Hi Kelly, following your thread and you're getting great advice and insight.
I see some small similarities that I wanted to comment on.
I'm filing for divorce so he knows there are consequences. And I kind of do hope he tries to date and find someone else because that will be a reality check on its own. That he has a lot of baggage and I was willing to tolerate and love him...baggage included. A lot of women won't.
I agree with what Marvin said that filing for divorce should be for you, to protect your family's financial well being, but not to show him consequences, because honestly he probably can't grasp the concept of consequences.
On the subject of his baggage and finding someone else, this may surprise you, but this thought may have already crossed his mind - I was really extremely puzzled by the fact that for at least a year before BD, my former H kept saying how lucky he was that I "put up with him." Not saying it to me - sweeping statements on social media about his amazing wife who "puts up with me." The last birthday card he gave me literally said, "I love that thing you do, you know the one...keep doing it" and then on the inside it said, "Putting up with me."
I now see that not only was it true that he saw me as his "rock" who "put up with him," that was an unhealthy and unsustainable dynamic. As Marvin said, in a healthy relationship there's interdependency, not just one sturdy rock.
I believe my former H was actually keenly aware of what a difficult person he was to be in relationship with and was contemplating for some time whether anyone else would cater to him the way I always had (in my mostly subconscious attempt to be the perfect wife/rock so that he would always need me/want me and never leave). He was not looking to grow as a person or do any adulting on his own, he was looking to be "put up with" and taken care of like always, and he indeed found someone to "put up with him." There's broken people everywhere, and people will put up with an awful lot to get a desired benefit, be it a sugar daddy or just a warm body next to them at night.

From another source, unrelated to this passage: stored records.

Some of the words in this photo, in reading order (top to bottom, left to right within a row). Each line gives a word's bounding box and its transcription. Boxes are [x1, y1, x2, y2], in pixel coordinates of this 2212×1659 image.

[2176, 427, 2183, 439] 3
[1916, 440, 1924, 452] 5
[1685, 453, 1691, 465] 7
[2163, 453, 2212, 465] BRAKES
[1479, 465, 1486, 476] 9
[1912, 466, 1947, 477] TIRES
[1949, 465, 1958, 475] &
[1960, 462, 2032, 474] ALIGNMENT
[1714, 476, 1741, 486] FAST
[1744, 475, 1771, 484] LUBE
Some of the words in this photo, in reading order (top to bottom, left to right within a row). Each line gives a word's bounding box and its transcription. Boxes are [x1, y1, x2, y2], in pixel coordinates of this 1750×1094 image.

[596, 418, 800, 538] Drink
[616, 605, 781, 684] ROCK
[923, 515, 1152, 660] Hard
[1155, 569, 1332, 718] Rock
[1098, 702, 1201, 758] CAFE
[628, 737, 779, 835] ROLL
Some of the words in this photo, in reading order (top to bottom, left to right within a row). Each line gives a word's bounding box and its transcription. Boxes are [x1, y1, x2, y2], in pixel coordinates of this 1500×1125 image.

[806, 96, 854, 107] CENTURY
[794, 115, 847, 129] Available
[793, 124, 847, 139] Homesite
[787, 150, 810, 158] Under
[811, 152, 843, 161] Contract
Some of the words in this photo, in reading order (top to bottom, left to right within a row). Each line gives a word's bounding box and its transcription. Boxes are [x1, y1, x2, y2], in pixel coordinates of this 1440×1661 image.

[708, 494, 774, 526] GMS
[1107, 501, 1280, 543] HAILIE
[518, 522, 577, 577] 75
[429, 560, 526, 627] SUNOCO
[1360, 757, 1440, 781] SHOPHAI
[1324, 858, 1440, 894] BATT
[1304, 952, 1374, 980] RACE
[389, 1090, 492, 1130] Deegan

I don't say this to scare you or discourage you. I just know I recognized a bit of my early post-BD self in your words. And I felt hesitant to post about this, but since you seem to be on good footing so early on, I thought it might be just a helpful word of caution. It's easy to think they're looking through the same lens as us, but they're not. Getting yourself set up for a life with or without him, as you seem to be doing, is the best way forward, because anything can happen - knowing you and your kids are okay no matter what comes is key.